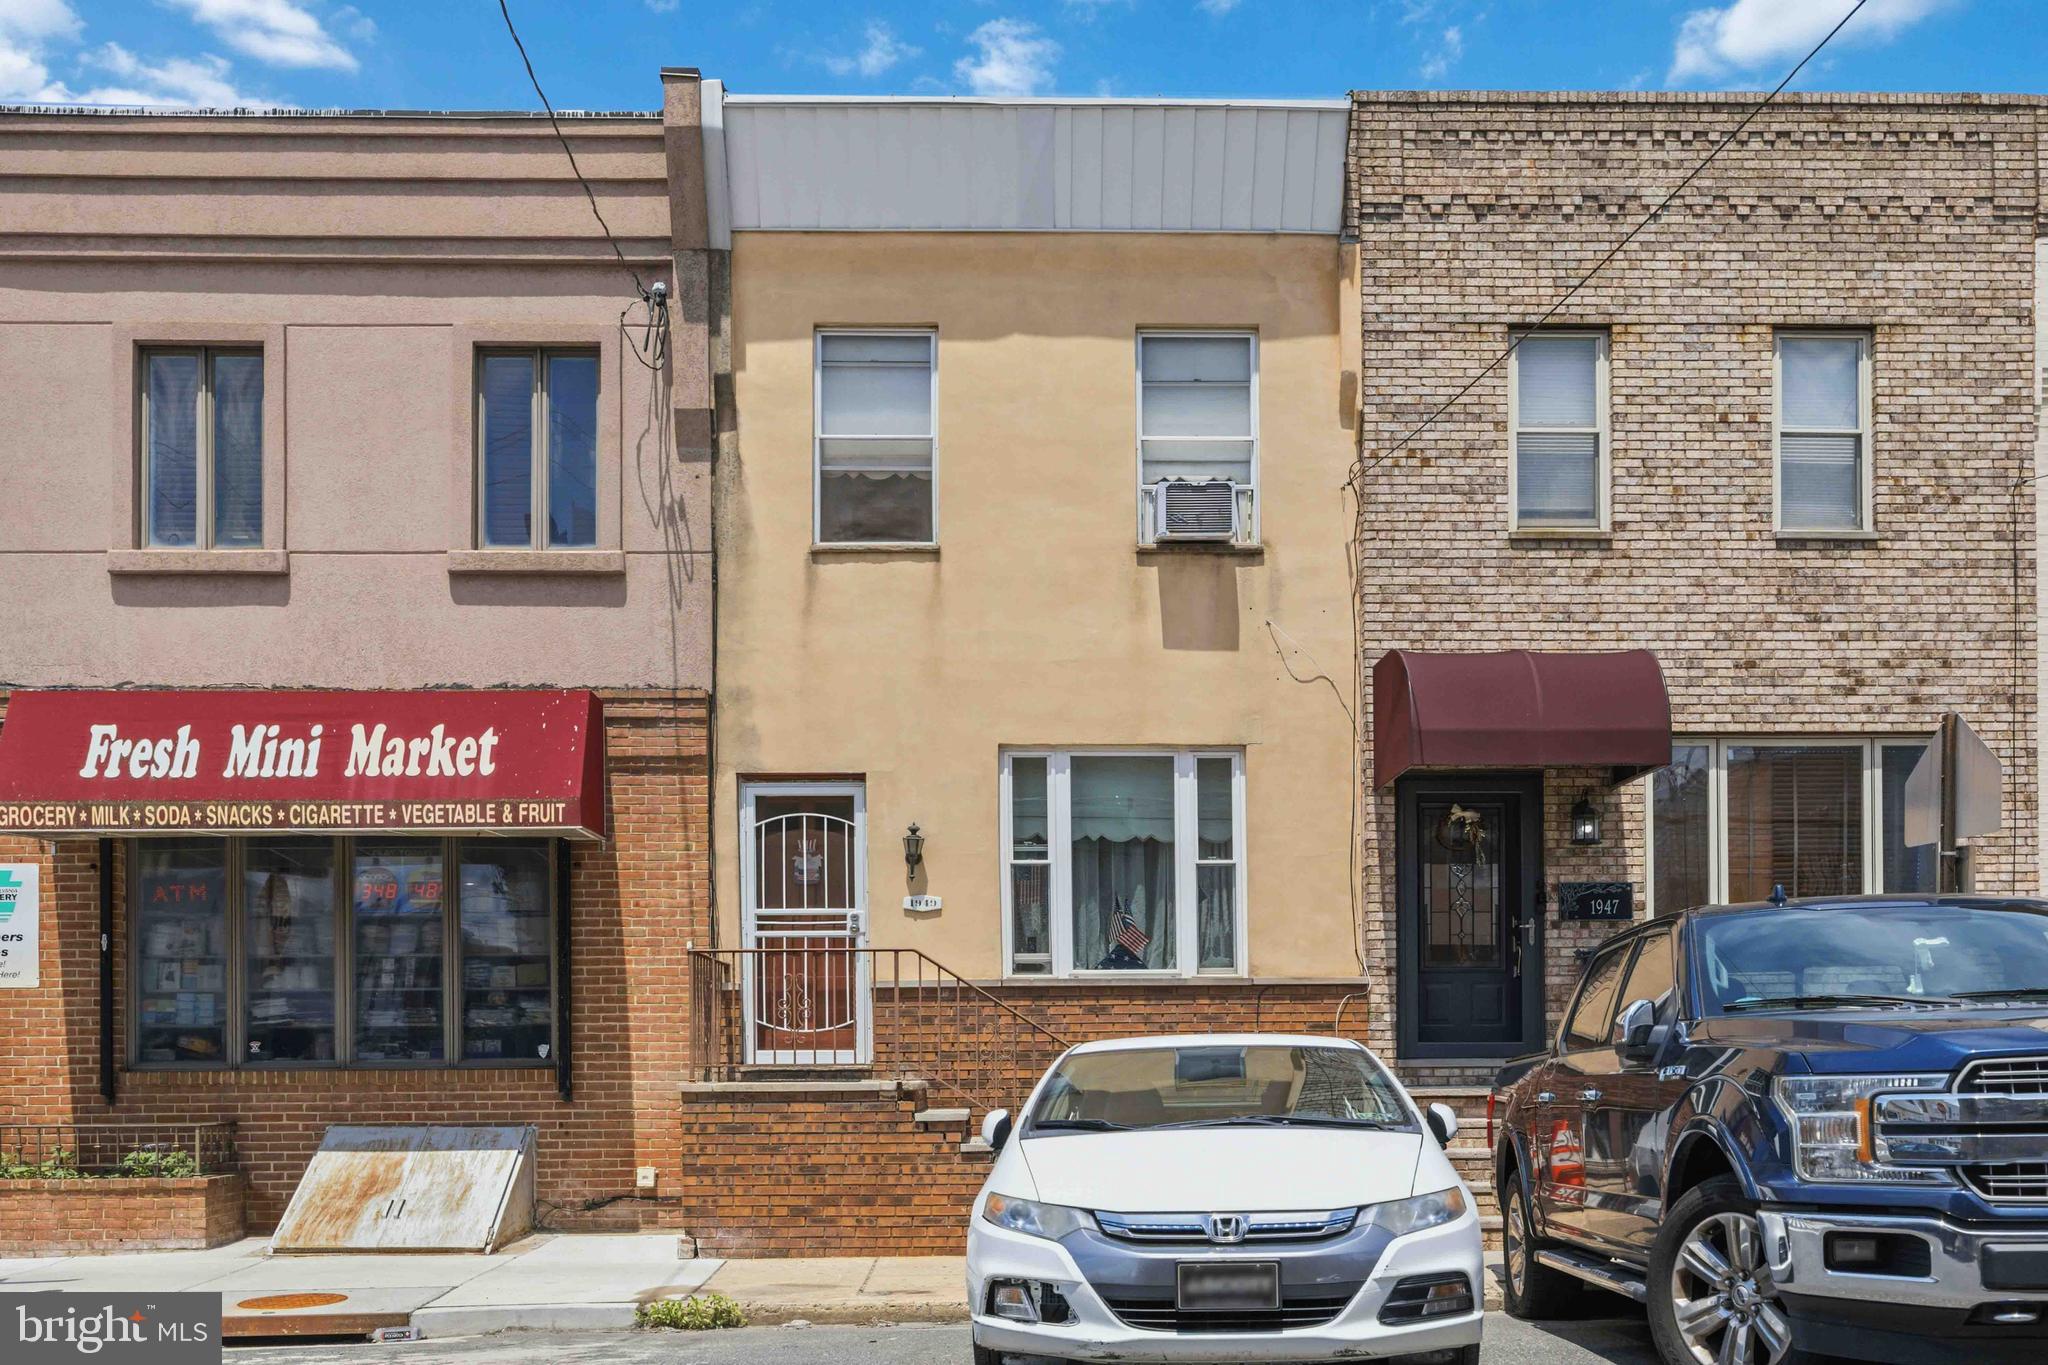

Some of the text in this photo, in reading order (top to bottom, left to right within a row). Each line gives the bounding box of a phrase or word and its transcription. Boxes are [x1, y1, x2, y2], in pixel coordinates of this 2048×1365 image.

[79, 723, 499, 779] Fresh Mini Market
[0, 803, 566, 827] GROCERY MILK SODA SNACKS CIGARETTE VEGETABLE & FRUIT
[152, 884, 208, 903] ATM
[1590, 899, 1619, 914] 1947
[0, 933, 24, 942] ers

★ ★ ★ ★ ★

Exercise:
Exclude every picture and copy the remaining data exactly.

Answer section:
Some of the text in this photo, in reading order (top to bottom, left to right within a row). Each line gives the bounding box of a phrase or word and its transcription. Boxes are [x1, y1, x2, y2], in pixel coordinates of this 2048×1365 image.

[79, 723, 499, 779] Fresh Mini Market
[0, 803, 566, 827] GROCERY MILK SODA SNACKS CIGARETTE VEGETABLE & FRUIT
[152, 884, 208, 903] ATM
[1590, 899, 1619, 914] 1947
[0, 933, 24, 942] ers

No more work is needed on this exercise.